[CCing int area again]

On 3-aug-2007, at 2:13, Templin, Fred L wrote:

I don't think "unless RFC4821" is reasonable either; perhaps "unless
they make measures to react to silent failure, by RFC4821, or
some other
means, e.g., application timeout and retry with other MTUs".

I like the spirit of your text, but the problem I have with
it is that it doesn't say how the application can discern loss
due to an MTU restriction from loss due to, e.g., congestion.

I strongly disagree here. PMTUD isn't something that should happen in applications. It's easy to get it wrong, and applications tend to stick around for a LONG time.

Applications that use UDP or other transports that can't implement RFC 4821 should clear the DF bit in IPv4 so that fragmentation can happen as needed. Anything else will cause breakage.

For *-in-IPv4 tunnels, the choke point will come in routers in
the middle of the network that have to support decapsulating
tunnel endpoints. They may need to support reassembly for *many*
such tunnels, and so they need to place a conservative and
convenient upper bound on MRU - say, 2KB.

I think I get why we've been disagreeing on MRU issues: it seems what you mean when you say "MRU" is "maximum size of packets that can be reassembled". The MRU is generally dictated by hardware limitations and as such not all that interesting. But the maximum packet size that a tunnel endpoint is willing to reassemble is a very important choice. Limiting this to 1500 bytes or some such will probably come back to haunt us as jumboframe capability becomes more common. (Note that the tunnel egress device may not support jumboframes for other interfaces, but if the tunnel ingress point does, it's likely that large packets will come in as fragments.)

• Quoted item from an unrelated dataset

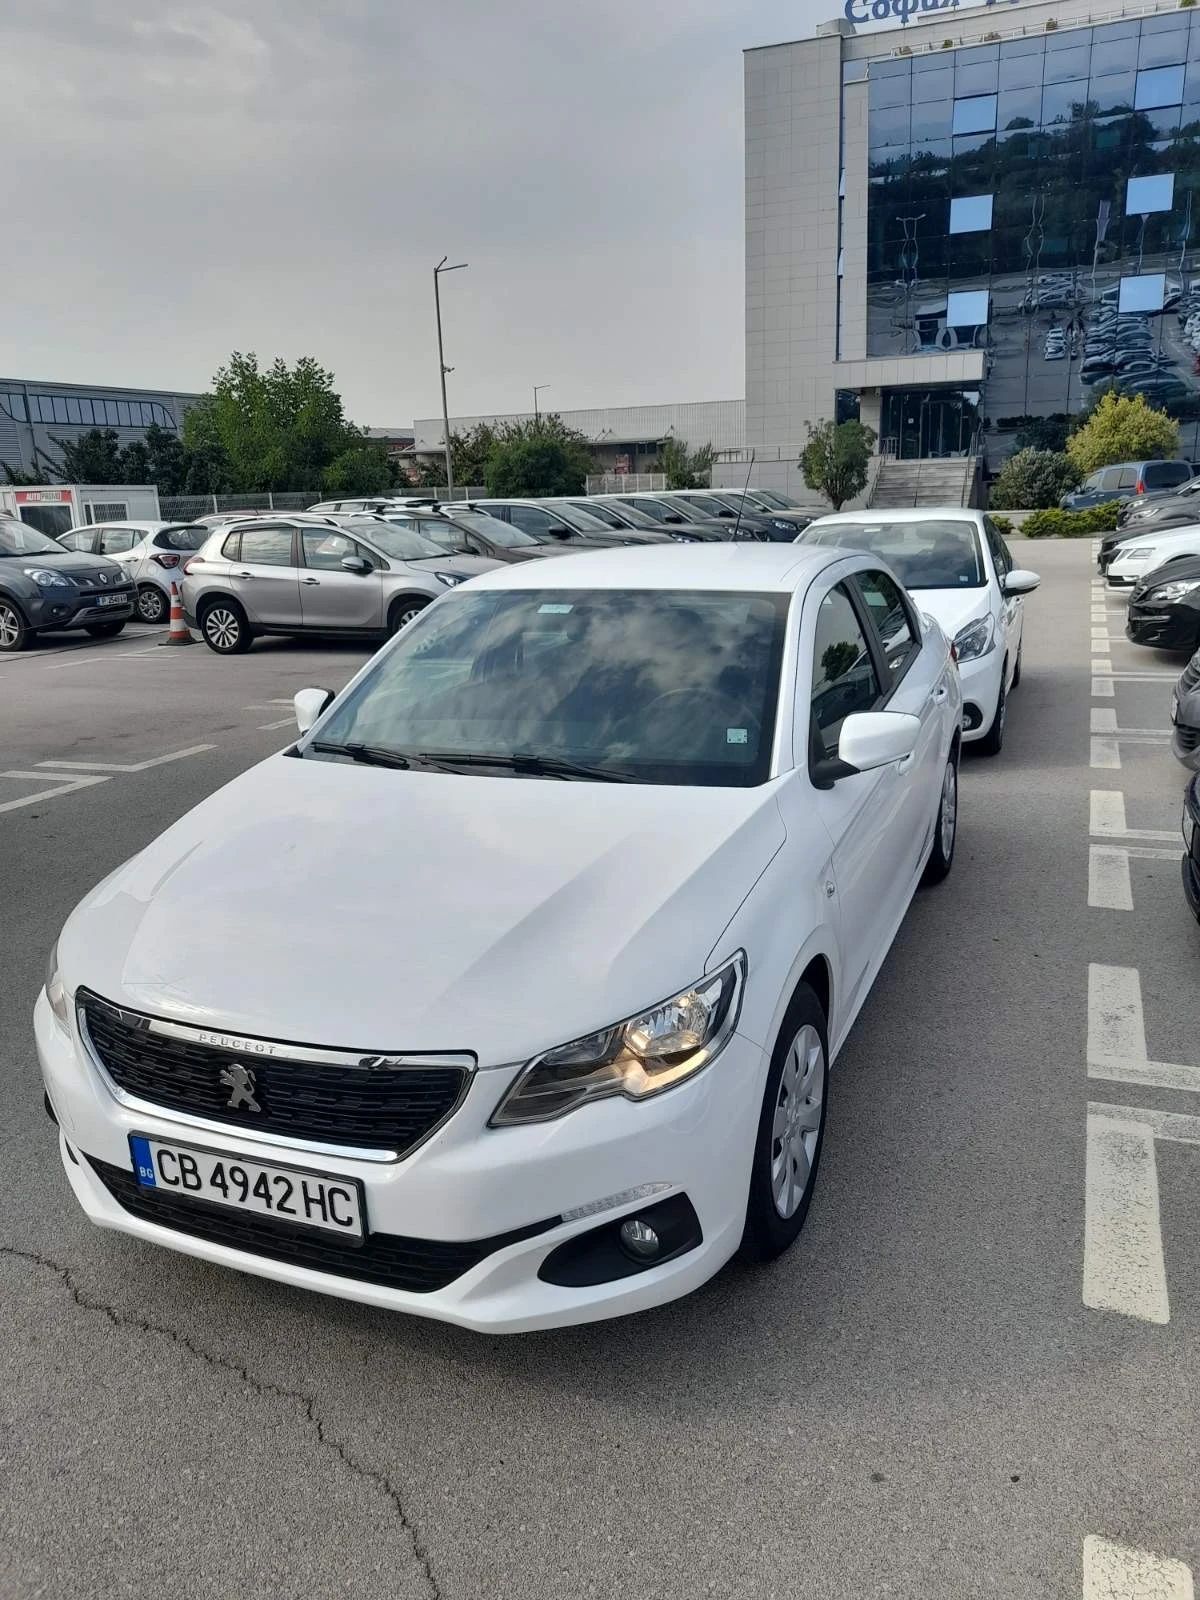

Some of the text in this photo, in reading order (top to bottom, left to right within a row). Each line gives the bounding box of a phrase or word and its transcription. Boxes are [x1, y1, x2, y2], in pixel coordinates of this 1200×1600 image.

[139, 1166, 153, 1178] BG
[156, 1149, 353, 1227] CB 4942 HC
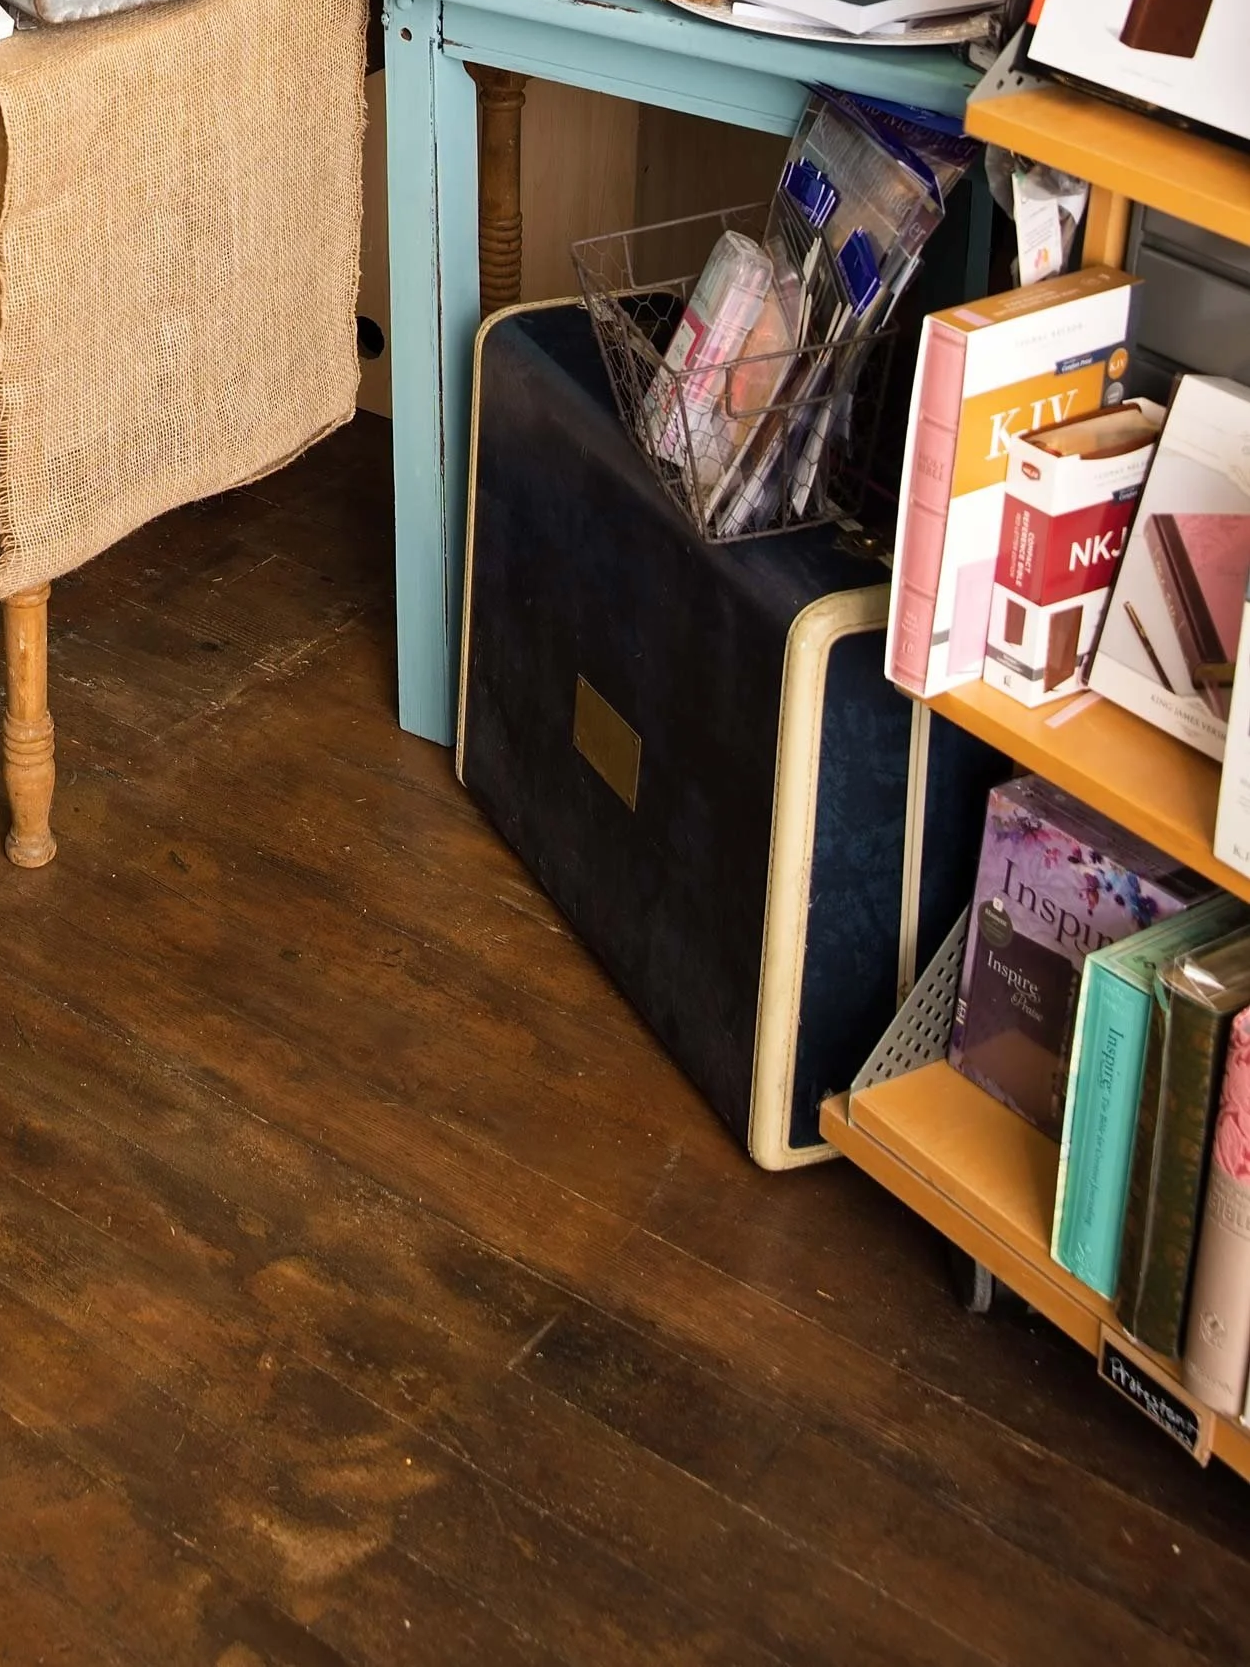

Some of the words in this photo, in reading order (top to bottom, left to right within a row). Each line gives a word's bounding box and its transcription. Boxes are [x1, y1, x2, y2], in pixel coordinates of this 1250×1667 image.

The IEEE isn't the only arbiter of link specs, but if you're
picking an
IEEE spec, you need to pick 1500, which means you probably want
something like 1200 for the reasons you cite (reasonable levels of
recursion).

1200 is too small for IPv6-in-(foo)-in-IPv4 tunnels; IPv6
will refuse to run over any link that can't do at least 1280.

1200 or 1280 is way too conservative. Trying to reserve room for IPsec tunnels is a no-win game IMO, and IPsec users don't care about performance anyway. For anything else ~ 1450 as a "shouldn't be subject to too much fragmentation" packet size used by UDP apps should be workable.

Because it's not a BCP; it's an update to a standards-track
doc, not an
operational recommendation (which is what I think of BCPs as being).
Perhaps 2003bis should encompass 6-in-6, etc. as well.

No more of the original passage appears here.